Por otra parte, tan importante como permanecer activos en el auxilio, es no ser ciegos para poder alzar la voz ante el aluvión de actos de tortura. De un tiempo a esta parte, hemos de reconocer que la inhumanidad nos ha degradado como sujetos pensantes a límites insospechados. La deshumanización, de no cesar este diluvio de prácticas crueles, será generalizada en los próximos años. Por eso es de esperar que se retomen, con urgencia, diálogos serenos y sinceros para que las convenciones no pierdan su cátedra de autoridad, y se pueda fomentar el consenso de toda la comunidad internacional, ante la protección efectiva de los valores esencialmente humanos de la ciudadanía. En este sentido, nos alegra que la Asamblea General de Naciones Unidas acabe de adoptar una resolución que declara el diecinueve de junio como Día Internacional para la eliminación de la tortura de violencia sexual en los conflictos, con la intención de generar conciencia al abordar este flagelo. En consecuencia, es un acto meritorio que la Misión de Argentina ante Naciones Unidas patrocinase tan importante resolución, porque sin duda se está contribuyendo a cimentar una cultura cuando menos de sosiego. A propósito de esto, Cristina Perceval, embajadora de ese país ante la ONU, ha puesto el acento en buscar soluciones concretas para miles y miles de seres humanos, mayoritariamente mujeres, niñas y niños, víctimas del odio y la intolerancia, de la crueldad de distintas formas de violencia, en esta ocasión de la violencia sexual utilizada en conflicto como arma de guerra para humillar, dominar, someter y degradar nuestra humana dignidad. Ojalá sus palabras nos hagan meditar. A mi juicio, el ser humano no se da cuenta de cuánto puede hacer, más que cuando realiza propósitos, delibera, imagina y proyecta que otro mundo es posible.

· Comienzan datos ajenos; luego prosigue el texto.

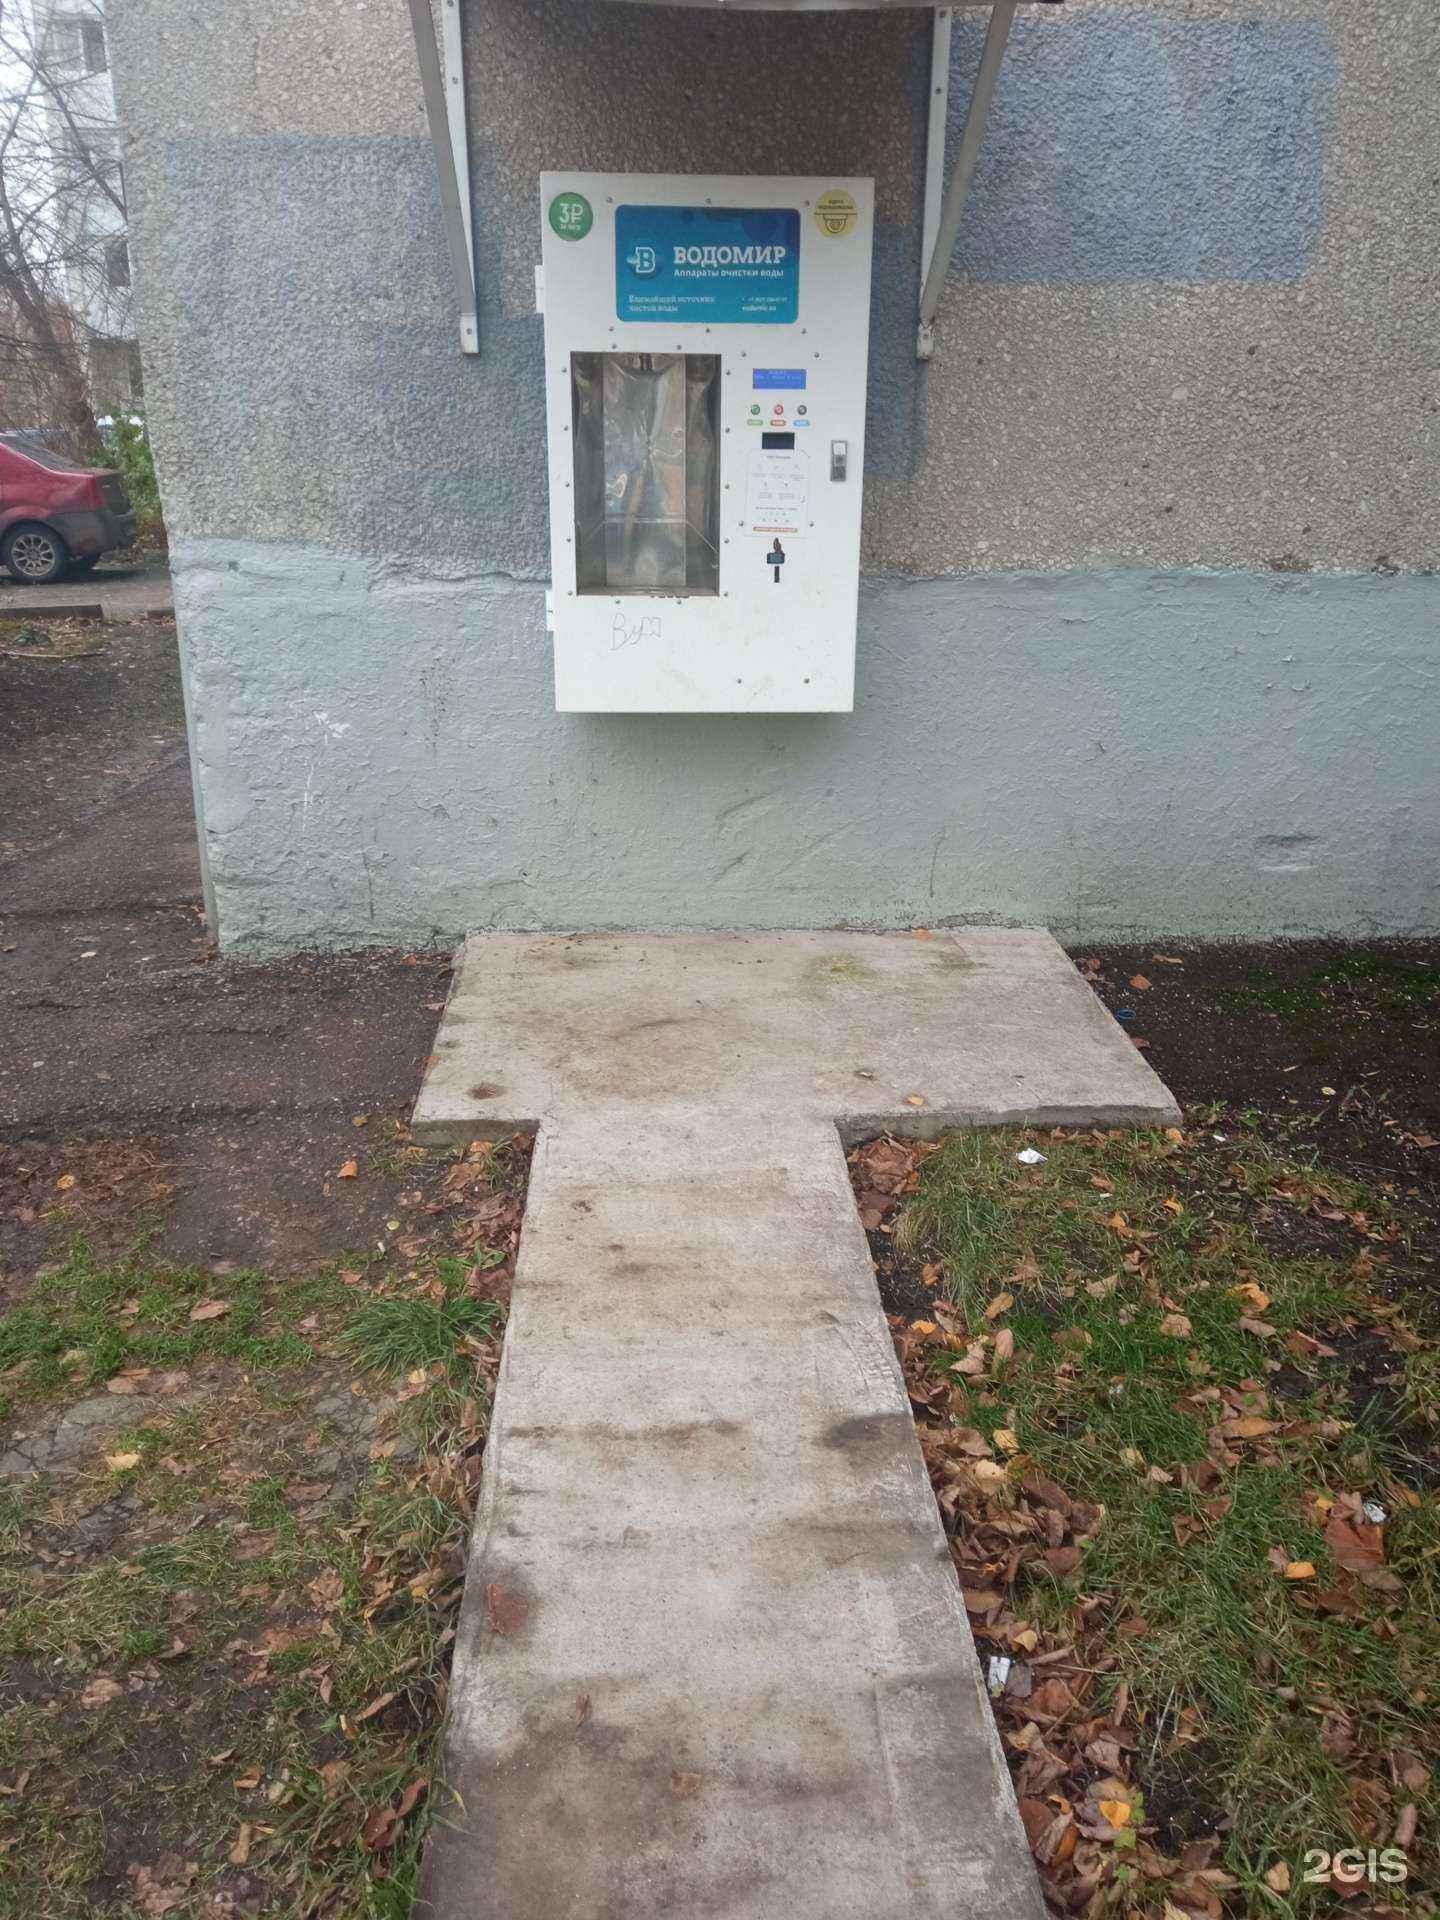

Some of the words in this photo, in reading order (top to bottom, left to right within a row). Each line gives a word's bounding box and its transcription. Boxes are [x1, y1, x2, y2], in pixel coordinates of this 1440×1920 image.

[673, 246, 786, 267] ВОДОМИР
[674, 269, 719, 278] Аппараты
[760, 270, 784, 278] воды
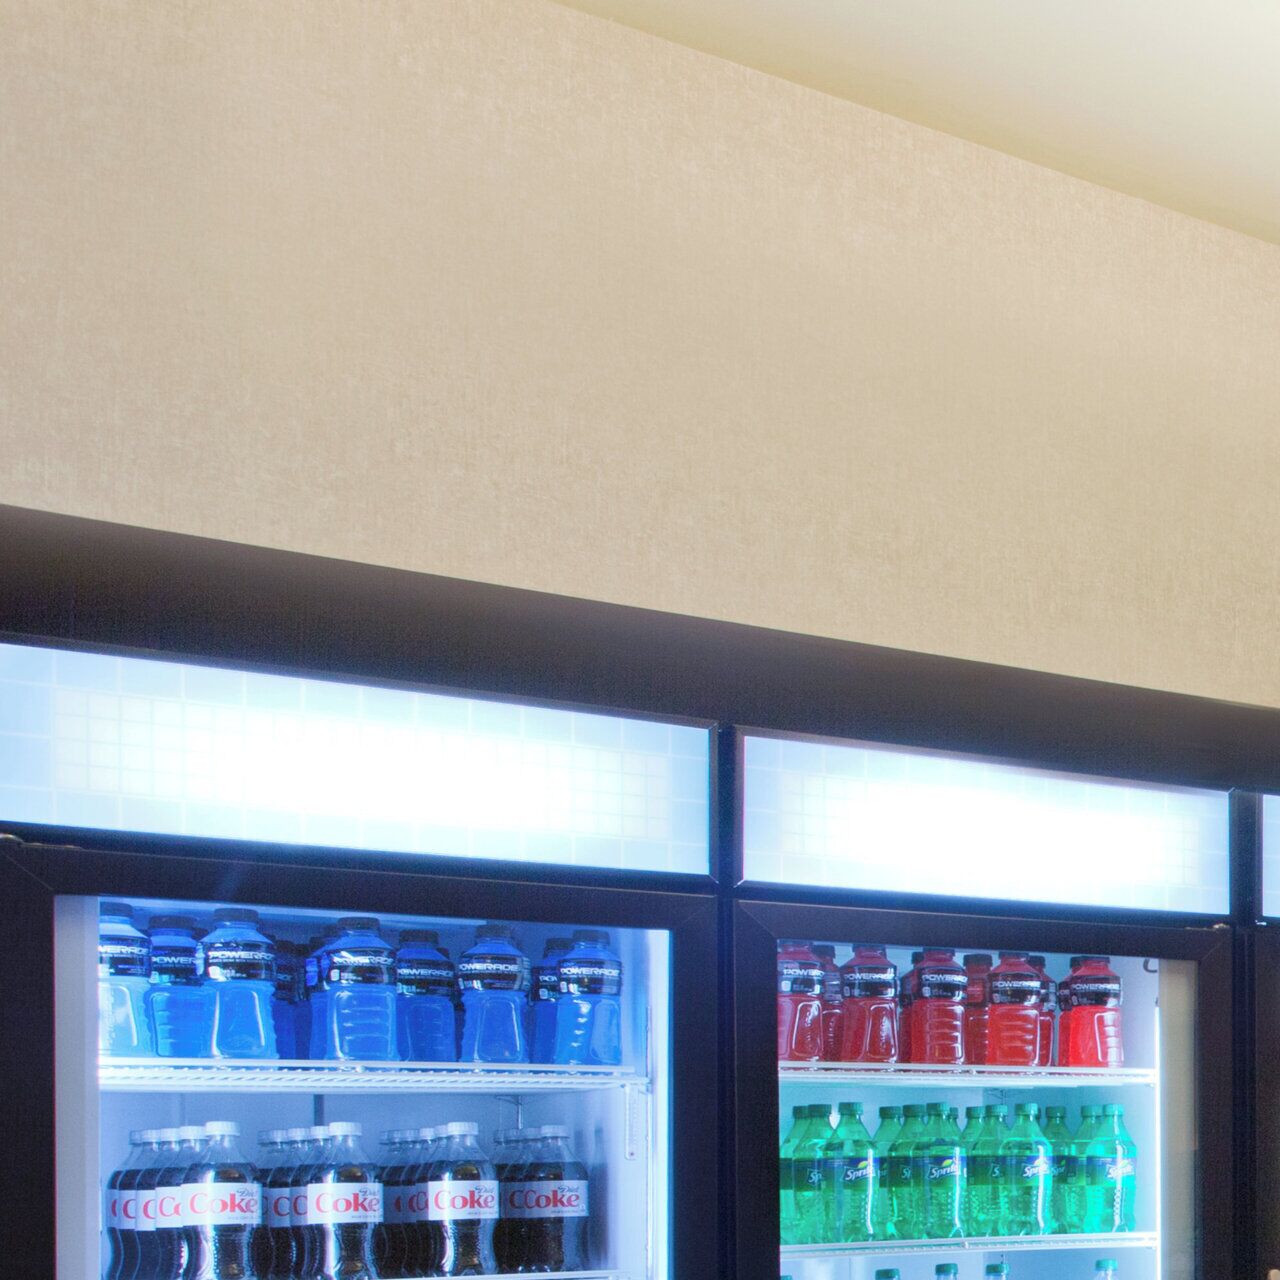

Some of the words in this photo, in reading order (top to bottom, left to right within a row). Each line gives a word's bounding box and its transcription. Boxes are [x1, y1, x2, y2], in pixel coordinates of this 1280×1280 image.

[189, 1191, 259, 1215] Coke
[315, 1191, 381, 1215] Coke
[434, 1189, 496, 1210] Coke
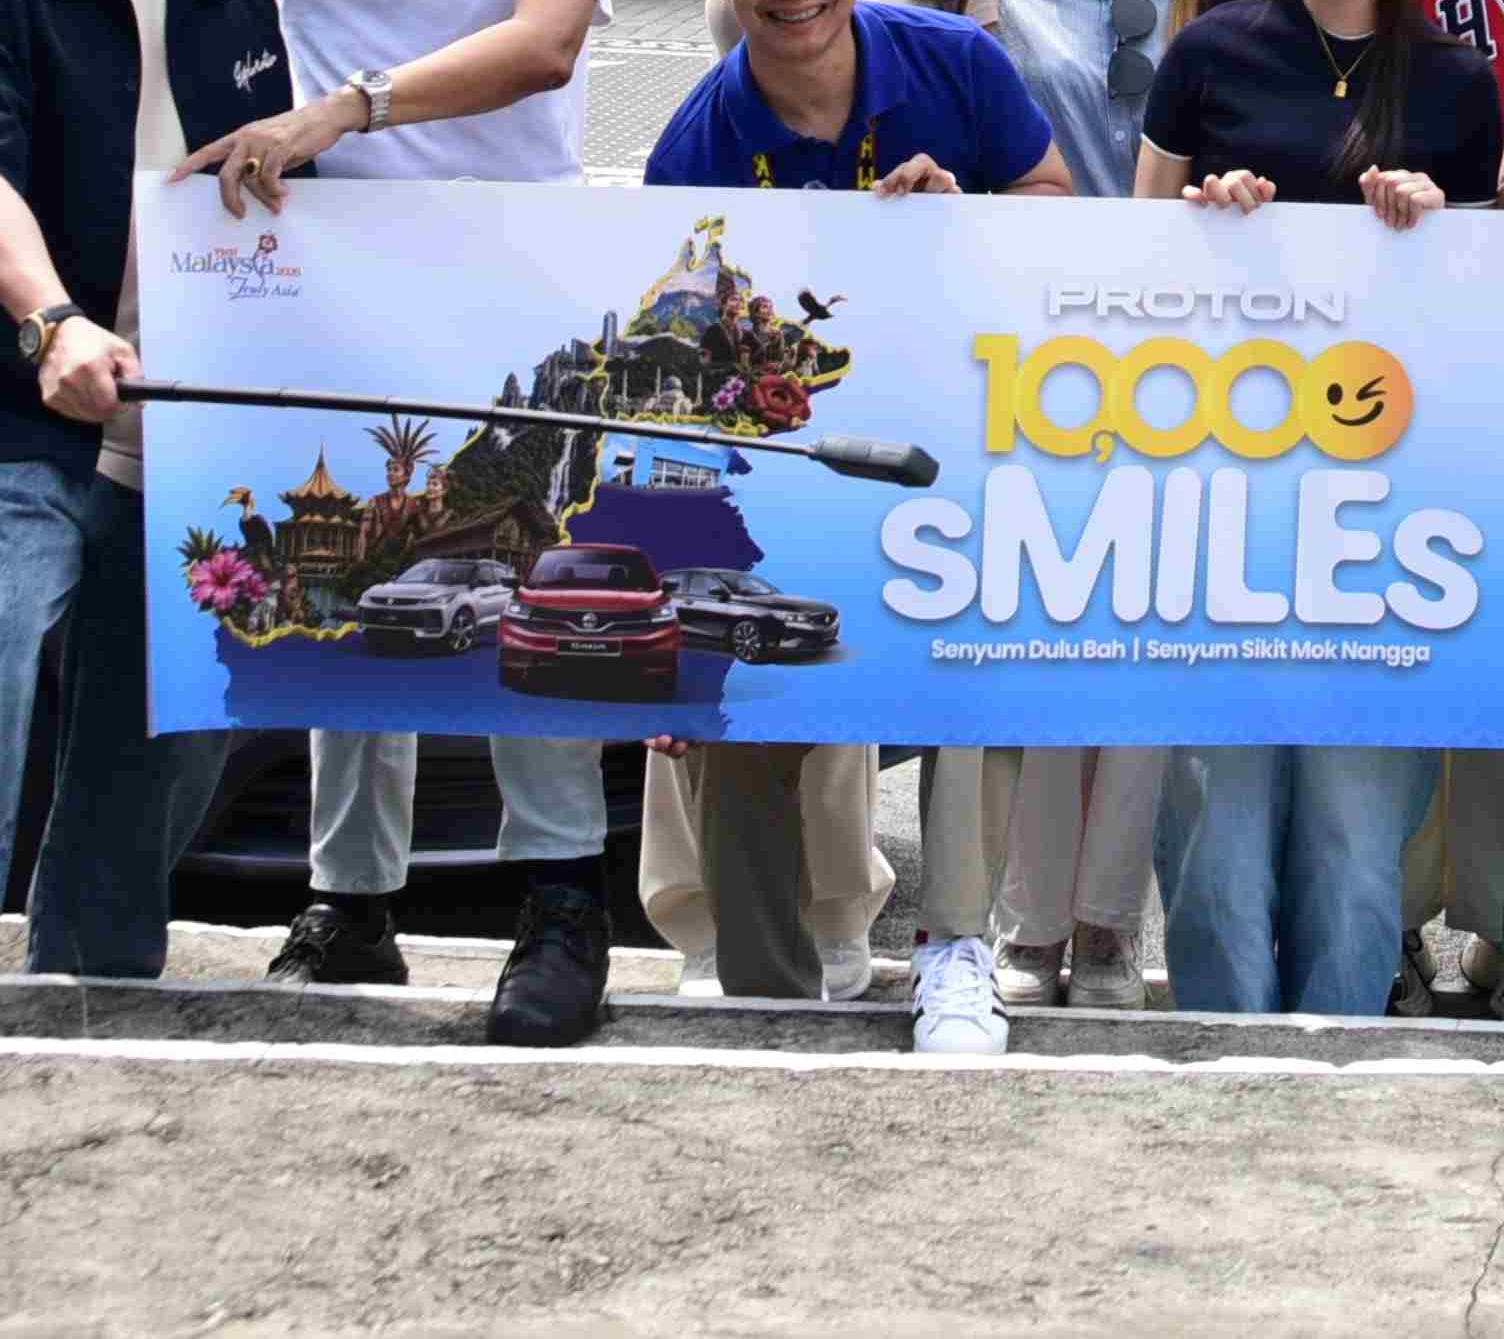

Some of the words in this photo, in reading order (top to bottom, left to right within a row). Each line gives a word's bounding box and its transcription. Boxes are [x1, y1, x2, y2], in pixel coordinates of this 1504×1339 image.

[170, 249, 274, 275] Malaysia
[1048, 283, 1345, 323] PROTON
[931, 639, 1028, 665] Senyum
[1029, 640, 1079, 659] Dulu
[1083, 640, 1126, 660] Bah
[1147, 640, 1239, 667] Senyum
[1242, 640, 1287, 660] Sikit
[1291, 641, 1337, 661] Mok
[1341, 642, 1430, 668] Nangga

Realmente son tantas, y tan persistentes, las cadenas que nos torturan hasta destruirnos, que el valor del ser humano apenas vale nada en los circuitos del poder corrupto. De ahí, que reintegrarse a la vida cotidiana después de sufrir torturas de todo tipo sea cada vez más complicado y, subsiguientemente, nunca podrán justificarse este tipo de penas sanguinarias, feroces, independientemente del modo en que se manifiesten o produzcan. El ser humano es único, irrepetible, singular por sí mismo, y como tal, hemos de eliminar esta repugnante lacra de prácticas deshumanizadoras. Realmente nos llama la atención la debilidad de la reacción política internacional ante este abundante caudal de torturas que nos asalta. Resulta curioso ver como algunos países todo lo justifican, luchando por no reconocer lo que verdaderamente se conoce, posponiendo las decisiones significativas, actuando como si nada ocurriera. Sin embargo, investigaciones de Amnistía Internacional indican que agentes de policía y miembros del ejército utilizan sistemáticamente la tortura para obtener información y confesiones, para castigar y agotar a las personas detenidas. Mal que nos pese infinidad de seres humanos de todos los continentes se juegan la vida a diario luchando contra las torturas, contra las mismas cadenas de la muerte, y su degradación total.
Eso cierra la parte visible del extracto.